Not yet ‘boots on the ground,’ but how’s the feel of ‘boots in the air.’
Via Mcclatchy this evening: The United States sent attack helicopters into combat against Islamic State targets west of Baghdad on Sunday, the first time low-flying Army aircraft have been committed to fighting in an engagement that the Obama administration has promised would not include “boots on the ground.”

(Illustration found here).

According to McClatchy, the choppers are most-likely AH-64 Apache attack helicopters, out of Baghdad International Airport.
Jeffrey White, a former senior Defense Intelligence Agency analyst: “It’s definitely boots in the air. This is combat, assuming U.S. Army guys were flying the helicopters. Using helicopter gunships in combat operations means those forces are in combat.”
The Apache squadron was deployed to Iraq last June, supposedly to protect American interests at the airport and the U.S. Embassy in Baghdad.

Creep by creep:

Although the administration has repeatedly said that no “ground forces” would be used in the fight against the Islamic State, the use of the AH-64 represents a blurring of that promise.
The helicopters carry a two-man crew and with their missiles and powerful canon, increase the amount and accuracy of the firepower that the U.S. military can bring to bear against the Islamic State in support of Iraqi ground troops.
But because helicopters fly relatively “low and slow,” the Obama administration is taking on greater risk in terms of exposing U.S. forces to casualties, White said.
“The Iraqi air force just lost a brand new Russian helicopter (to Islamic State ground fire). So it’s significantly higher risk for whoever is flying the mission,” said White.
“It’s certainly crossing another threshold. The U.S. is conducting strikes that are directly involved in combat.”

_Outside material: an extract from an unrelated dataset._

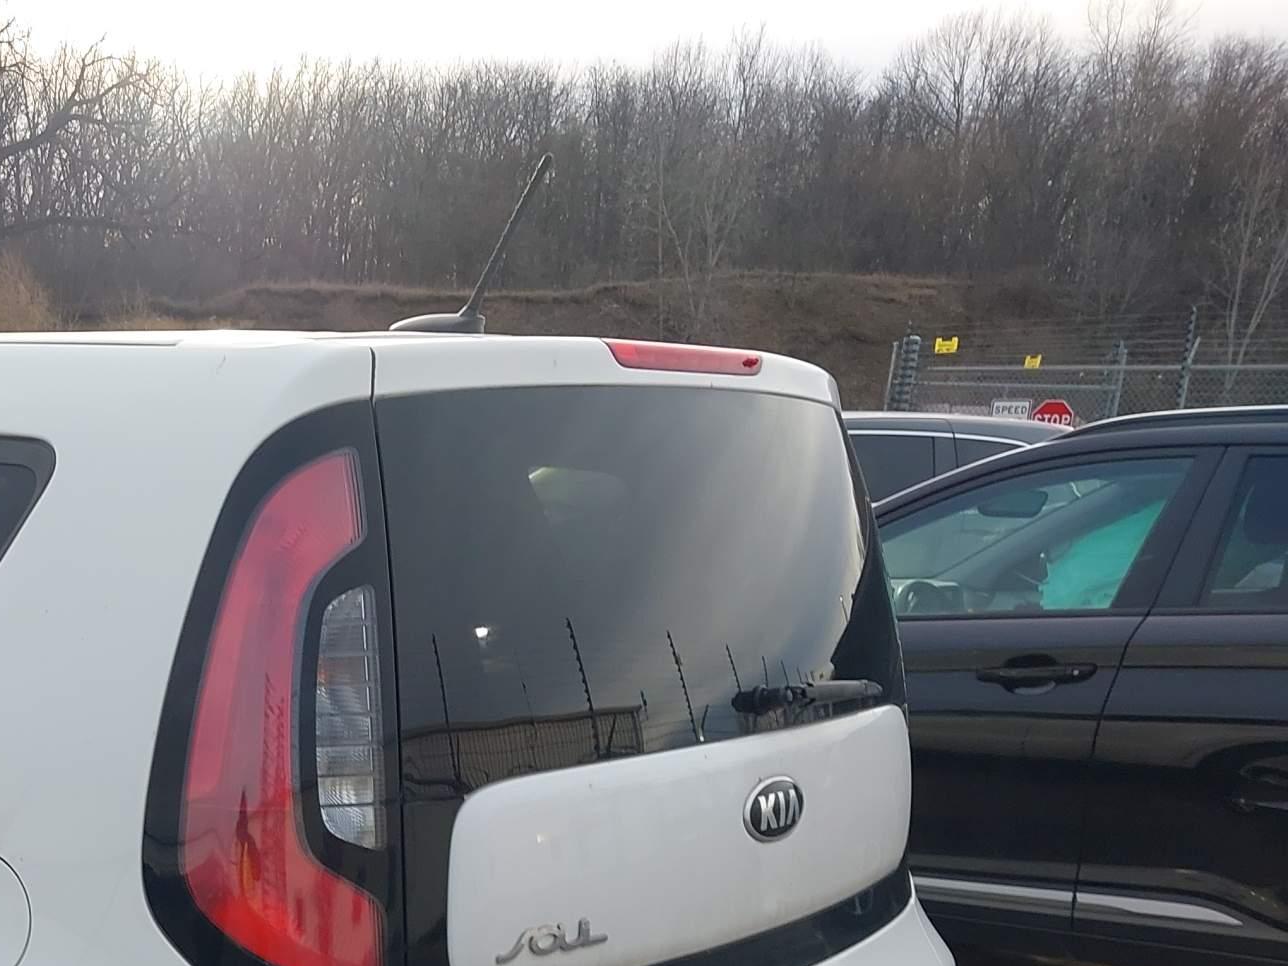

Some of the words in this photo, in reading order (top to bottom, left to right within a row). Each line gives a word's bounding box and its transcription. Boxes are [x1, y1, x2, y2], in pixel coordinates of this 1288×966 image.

And reportedly ISIS has taken Abu Ghraib, about 25 miles from Baghdad, and the protected, precious airport within range of their US-made artillery. The creeping walls coming falling down — already reports that weeks of US air strikes aren’t budging those ISIS assholes in Iraq, even if so, bombing alone just won’t cut it, you need them boots on the ground, not in the air, to be successful.

Via Newsweek last Wednesday:

Lord Richards, who retired last year as chief of the defence staff – Britain’s most senior soldier – has said much the same thing.
“Ultimately you need a land army to achieve the objectives we’ve set ourselves – all air strikes will do is destroy ­elements of Isis, it won’t achieve our strategic goal.
“The only way to defeat Isis is to take back land they are occupying which means a conventional military operation. The only way to do it effectively is to use Western armies, but I do understand the political resistance.”
Richards said the war could ‘go on forever’ unless a 100,000-strong army can be trained and deployed.

A tingling sound, a tiny tiptoe of boots in the near distance.